Information provided

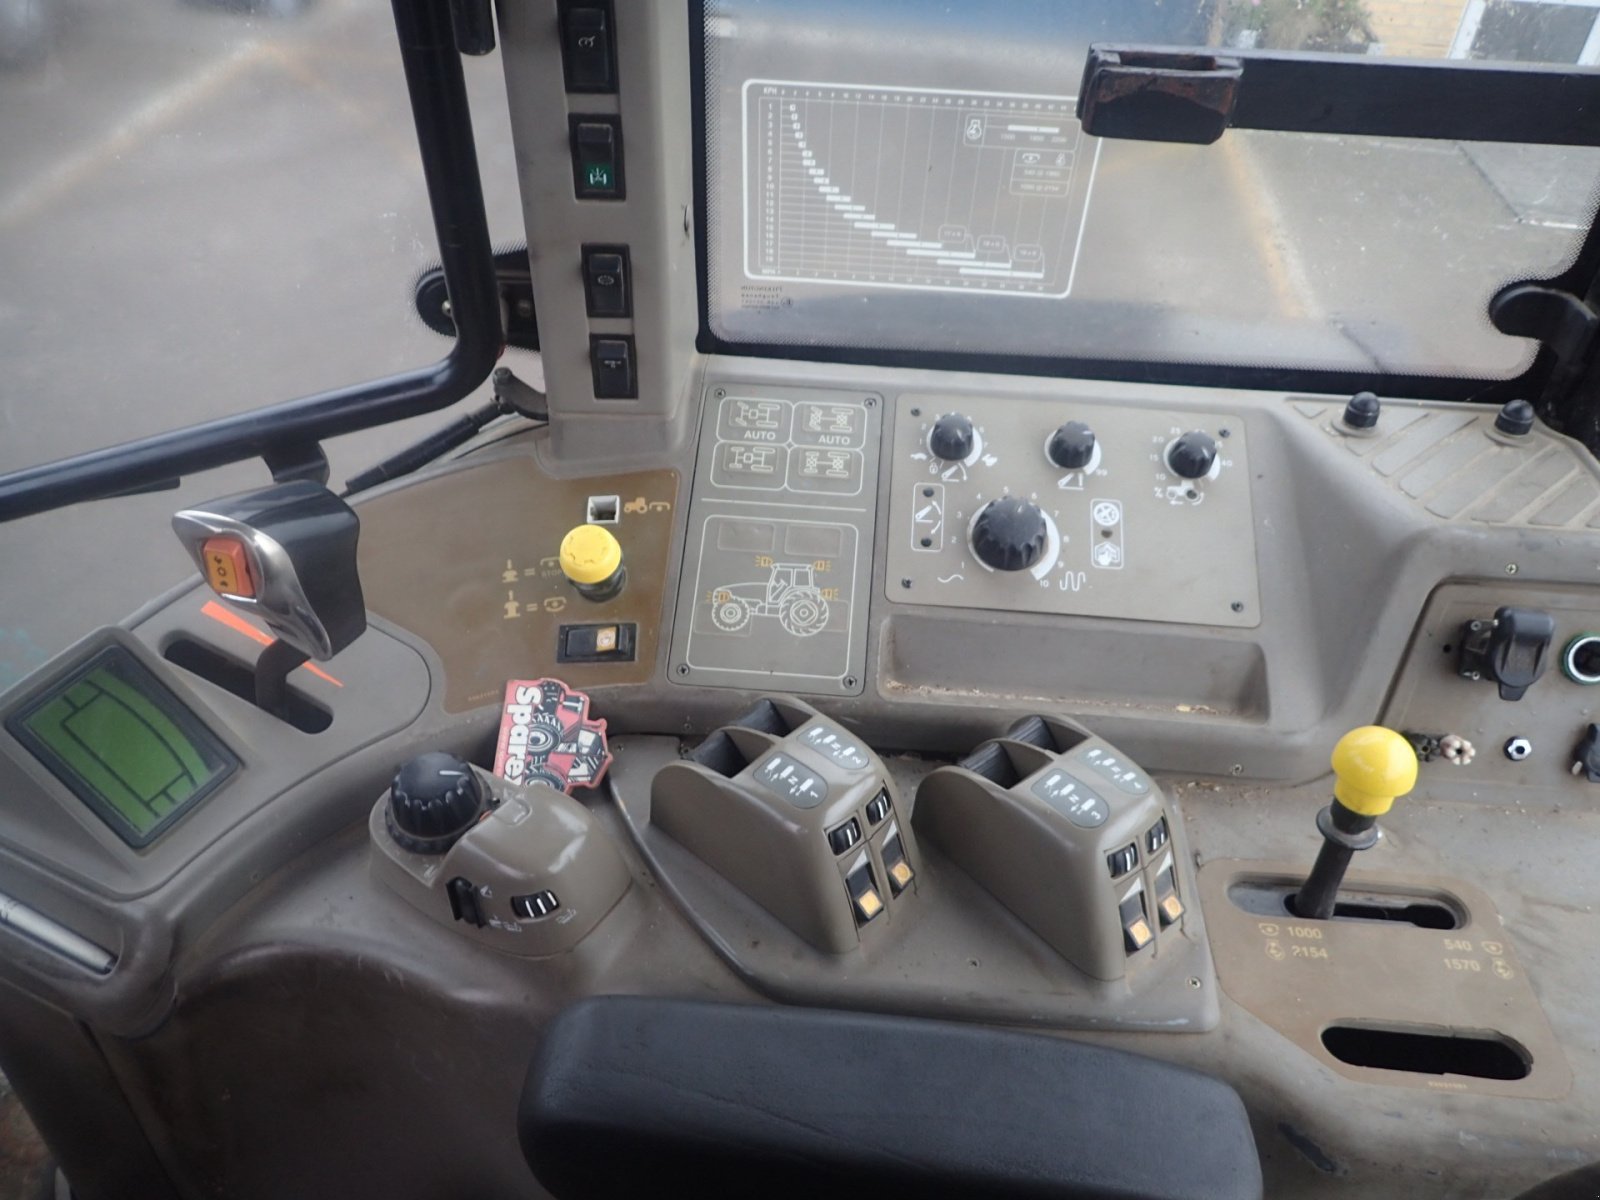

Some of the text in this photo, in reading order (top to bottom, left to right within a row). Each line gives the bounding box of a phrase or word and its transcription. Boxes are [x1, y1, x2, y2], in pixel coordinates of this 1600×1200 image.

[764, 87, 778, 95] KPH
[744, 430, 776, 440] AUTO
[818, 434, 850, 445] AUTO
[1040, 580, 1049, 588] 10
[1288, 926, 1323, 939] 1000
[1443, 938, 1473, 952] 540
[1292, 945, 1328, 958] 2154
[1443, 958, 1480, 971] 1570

What the task requires
Go through the material above and repeat it exactly. Omit the pictures.

Written response
Some of the text in this photo, in reading order (top to bottom, left to right within a row). Each line gives the bounding box of a phrase or word and its transcription. Boxes are [x1, y1, x2, y2], in pixel coordinates of this 1600×1200 image.

[764, 87, 778, 95] KPH
[744, 430, 776, 440] AUTO
[818, 434, 850, 445] AUTO
[1040, 580, 1049, 588] 10
[1288, 926, 1323, 939] 1000
[1443, 938, 1473, 952] 540
[1292, 945, 1328, 958] 2154
[1443, 958, 1480, 971] 1570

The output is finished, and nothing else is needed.